High-mobility group box 1 (HMGB1) has been proposed as a late mediator of sepsis, but human data are sparse and conflicting. We describe plasma HMGB1 concentrations in humans with community-acquired pneumonia (CAP), the most common cause of severe sepsis, and test the hypotheses that HMGB1 levels are higher in CAP than healthy controls, higher in CAP with severe sepsis than CAP without severe sepsis, and higher in severe sepsis nonsurvivors than survivors.
Random, outcome-stratified sample from a prospective study of 1,895 subjects hospitalized with CAP.
Twenty-eight U.S. teaching and community hospitals.
There were 122 CAP subjects (43 never developed severe sepsis, 49 developed severe sepsis and survived hospitalization, and 30 developed severe sepsis and died) and 38 healthy controls.
None.
Median day of onset of severe sepsis was day of admission. HMGB1 was measured daily for the first week and analyzed using repeated-measures models with and without multivariable adjustment for baseline characteristics. HMGB1 concentrations were higher in CAP subjects compared with controls (median concentration on day of admission vs. controls, 190 vs. 0 ng/mL, p = .0001; 93.7% of all CAP measurements were elevated). HMGB1 remained elevated throughout the hospital course with no significant trend (p = .64) and did not differ between those with and without severe sepsis (p = .30). HMGB1 concentrations were higher in severe sepsis nonsurvivors than survivors (p = .001). HMGB1 concentrations remained elevated at discharge (median final HMGB1 measure, 176 ng/mL). Findings persisted in multivariable models and were robust to sensitivity analyses using alternative definitions of severe sepsis.
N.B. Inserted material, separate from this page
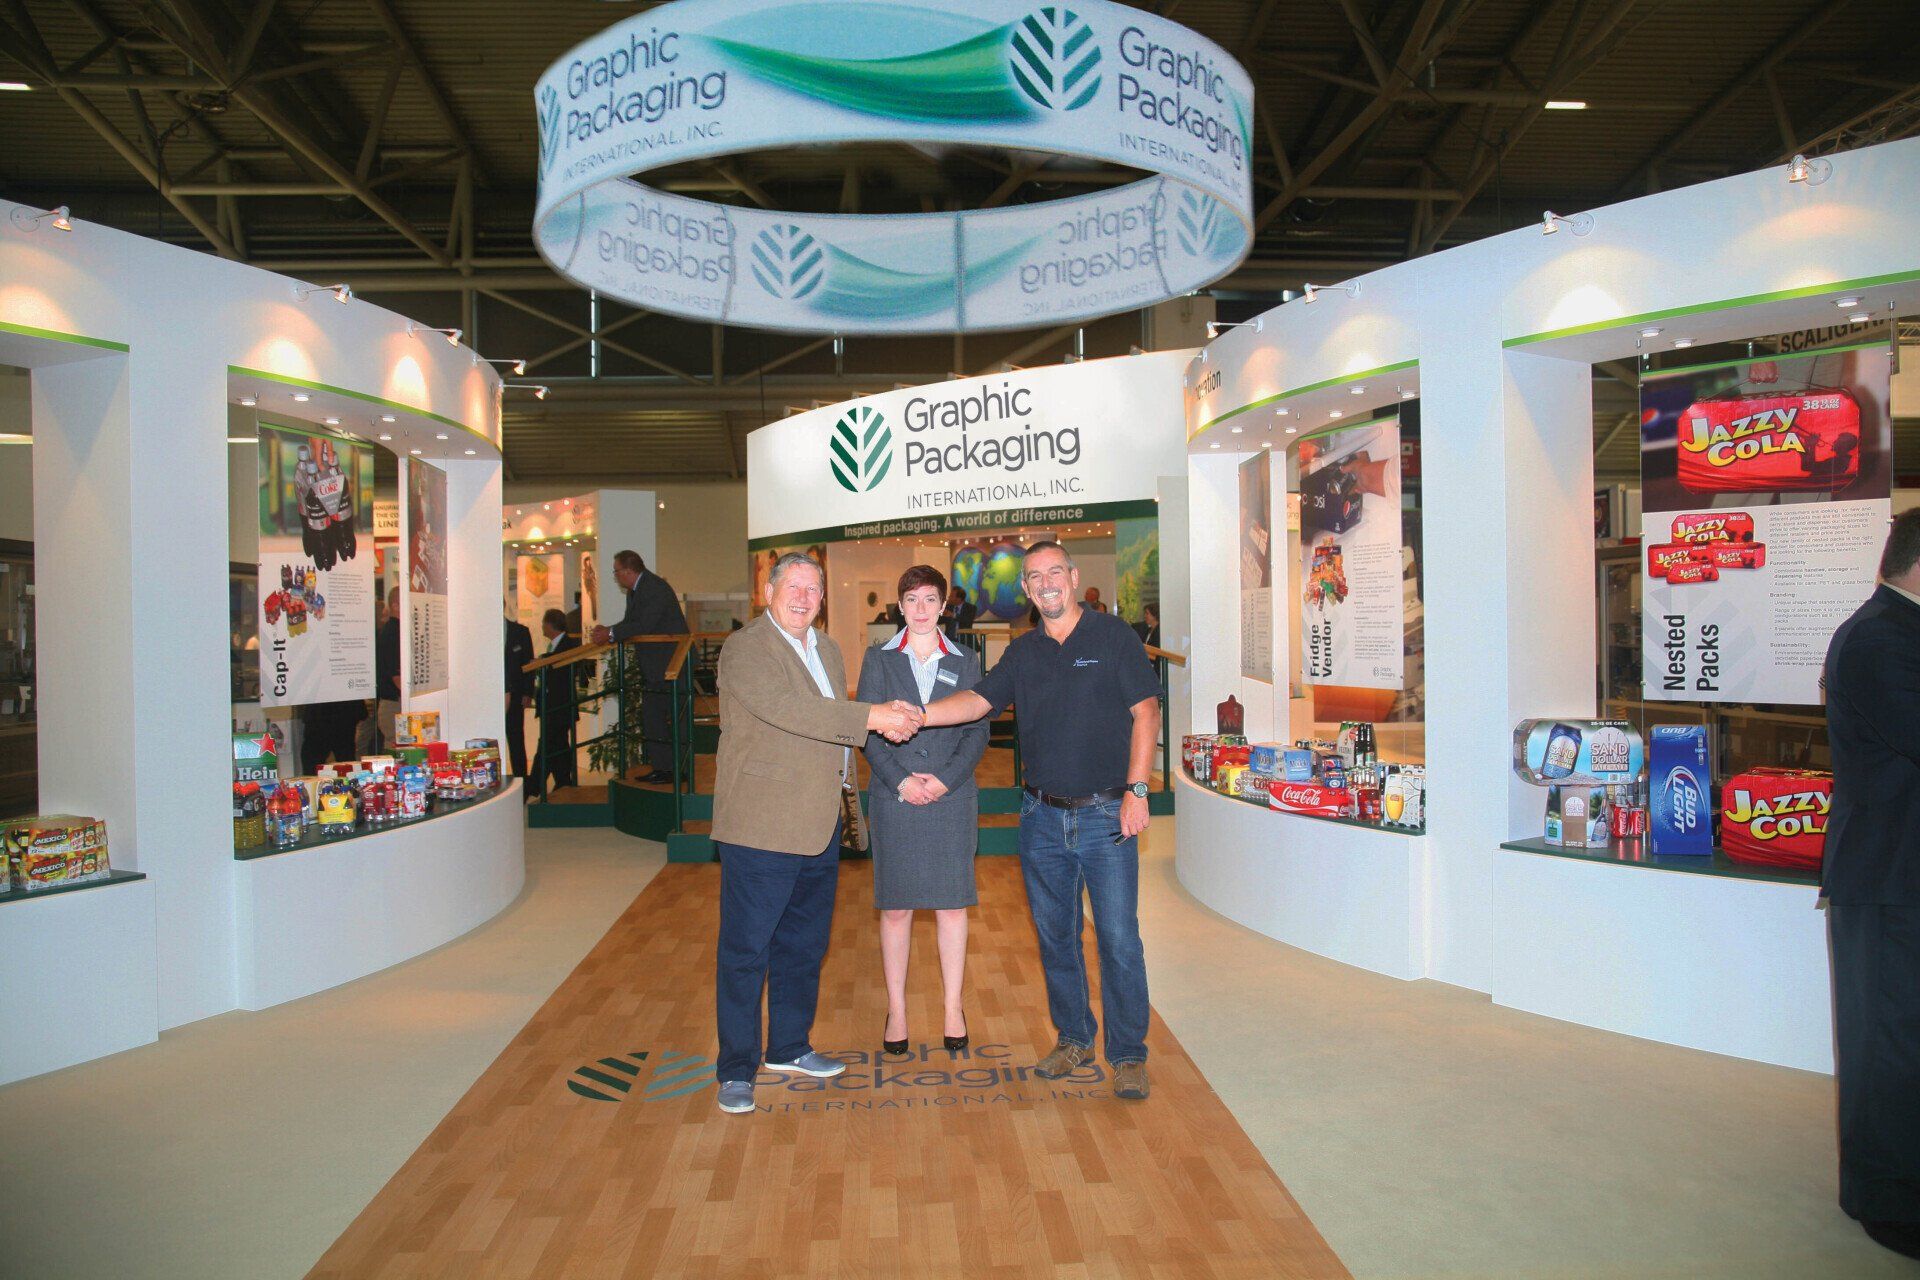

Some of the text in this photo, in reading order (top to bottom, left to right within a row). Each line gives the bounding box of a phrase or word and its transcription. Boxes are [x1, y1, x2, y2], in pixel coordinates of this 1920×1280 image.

HMGB1 is elevated in almost all CAP subjects, and higher circulating HMGB1 is associated with mortality. But immunodetectable HMGB1 levels were also persistently elevated in those patients who fared well. Thus, additional work is needed to understand the biological activities of serum HMGB1 in sepsis.
高迁移率族蛋白B1(HMGB1)被认为是脓毒症的晚期介质,但相关人体数据稀少且存在矛盾。我们描述了社区获得性肺炎(CAP)患者(严重脓毒症最常见的病因)的血浆HMGB1浓度,并检验以下假设:CAP患者的HMGB1水平高于健康对照者;伴有严重脓毒症的CAP患者高于不伴有严重脓毒症的CAP患者;严重脓毒症非幸存者高于幸存者。
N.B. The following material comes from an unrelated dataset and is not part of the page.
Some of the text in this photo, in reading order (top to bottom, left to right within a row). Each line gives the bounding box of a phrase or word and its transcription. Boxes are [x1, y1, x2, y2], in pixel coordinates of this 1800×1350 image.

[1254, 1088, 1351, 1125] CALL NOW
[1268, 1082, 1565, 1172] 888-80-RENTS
从一项对1895例因CAP住院患者的前瞻性研究中进行随机、按结局分层抽样。
美国28家教学医院和社区医院。
122例CAP患者(43例从未发生严重脓毒症,49例发生严重脓毒症且住院存活,30例发生严重脓毒症且死亡)以及38例健康对照者。
无。
严重脓毒症发病的中位时间为入院当天。在第一周每天测量HMGB1,并使用重复测量模型进行分析,对基线特征进行或不进行多变量调整。与对照组相比,CAP患者的HMGB1浓度更高(入院当天的中位浓度与对照组相比,分别为190 ng/mL和0 ng/mL,p = 0.0001;所有CAP测量值的93.7%升高)。在整个住院过程中,HMGB1一直处于升高状态,无明显趋势(p = 0.64),且在伴有和不伴有严重脓毒症的患者之间无差异(p = 0.30)。严重脓毒症非幸存者的HMGB1浓度高于幸存者(p = 0.001)。出院时HMGB1浓度仍处于升高状态(最终HMGB1测量值的中位值为176 ng/mL)。在多变量模型中这些发现依然存在,并且对使用严重脓毒症替代定义的敏感性分析具有稳健性。
几乎所有CAP患者的HMGB1均升高,循环中较高的HMGB1与死亡率相关。但在病情好转的患者中,免疫可检测的HMGB1水平也持续升高。因此,需要进一步开展工作以了解血清HMGB1在脓毒症中的生物学活性。